(Dataset entries)
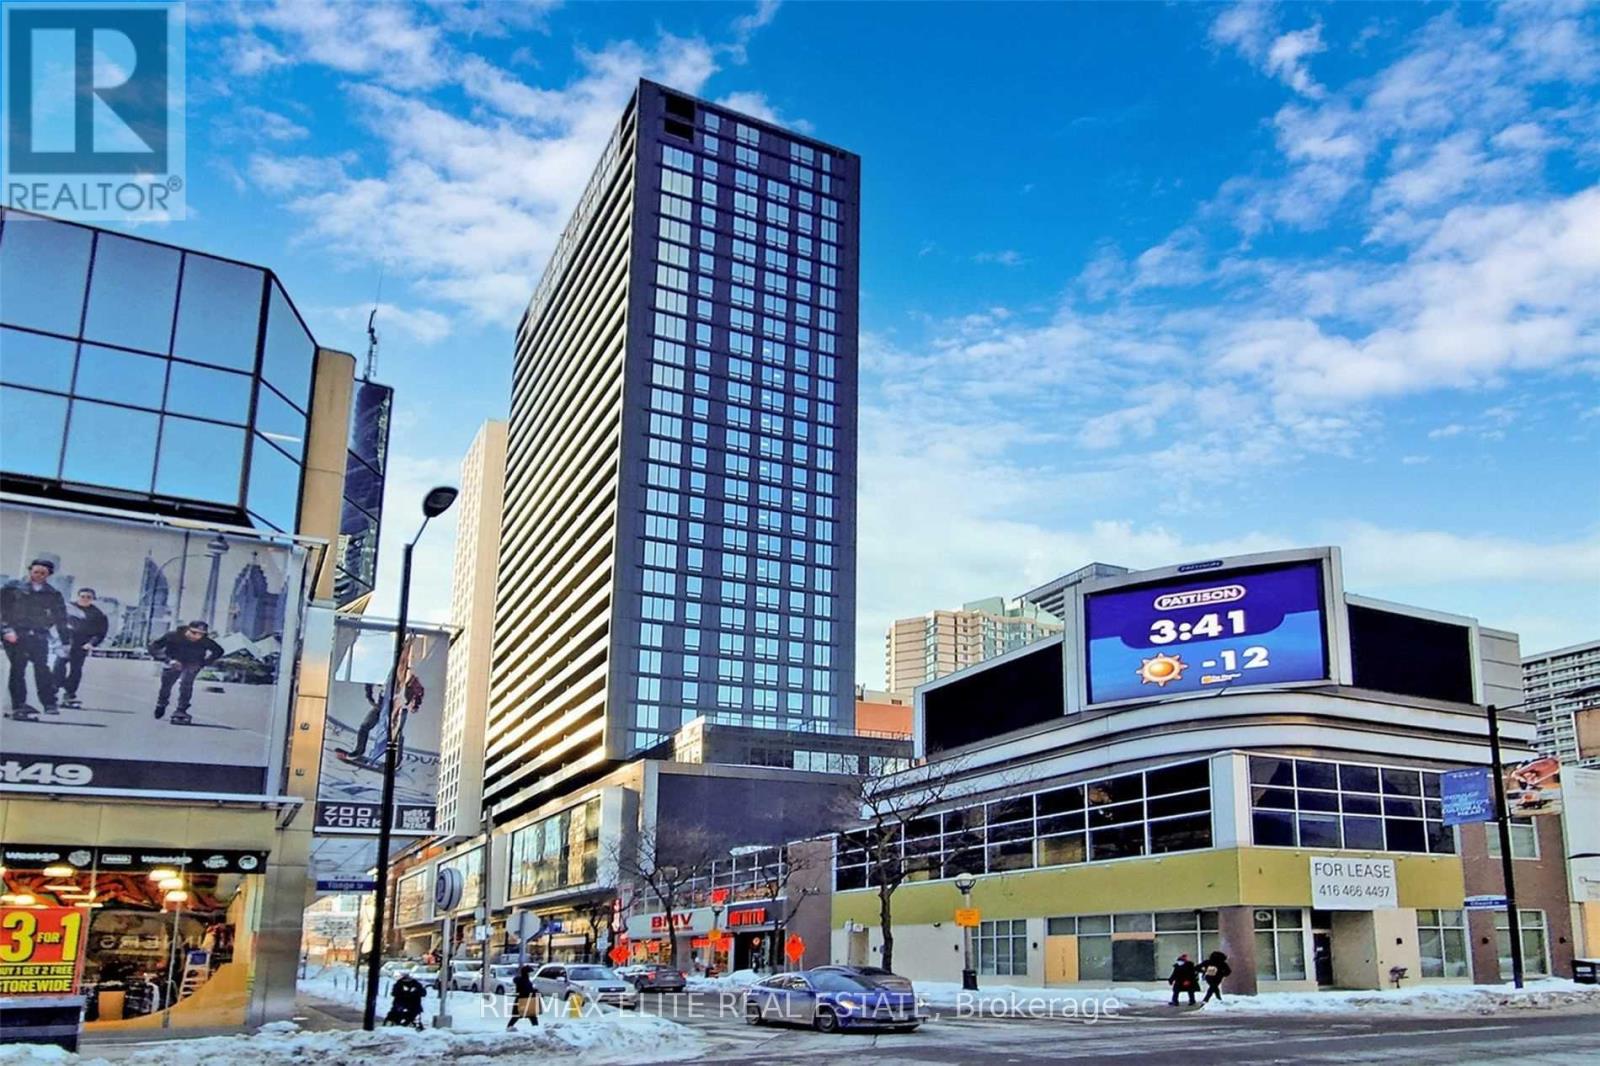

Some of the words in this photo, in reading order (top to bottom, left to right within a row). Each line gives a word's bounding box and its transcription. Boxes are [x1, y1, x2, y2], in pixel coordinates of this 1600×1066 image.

[1160, 587, 1239, 608] PATTISON
[1149, 610, 1246, 645] 3:41
[1202, 646, 1270, 672] -12
[0, 761, 93, 786] t49
[324, 806, 372, 817] ZOO
[1314, 862, 1344, 877] FOR
[1347, 863, 1392, 879] LEASE
[1319, 884, 1340, 897] 416
[651, 912, 694, 929] BMV
[0, 911, 36, 962] 3
[37, 931, 60, 943] FOR
[60, 911, 80, 961] 1
[22, 966, 40, 975] GET
[50, 966, 73, 975] FREE

▶ Assignment
Transcribe every entry word for word, but omit the pictures.

▶ Task result
Some of the words in this photo, in reading order (top to bottom, left to right within a row). Each line gives a word's bounding box and its transcription. Boxes are [x1, y1, x2, y2], in pixel coordinates of this 1600×1066 image.

[1160, 587, 1239, 608] PATTISON
[1149, 610, 1246, 645] 3:41
[1202, 646, 1270, 672] -12
[0, 761, 93, 786] t49
[324, 806, 372, 817] ZOO
[1314, 862, 1344, 877] FOR
[1347, 863, 1392, 879] LEASE
[1319, 884, 1340, 897] 416
[651, 912, 694, 929] BMV
[0, 911, 36, 962] 3
[37, 931, 60, 943] FOR
[60, 911, 80, 961] 1
[22, 966, 40, 975] GET
[50, 966, 73, 975] FREE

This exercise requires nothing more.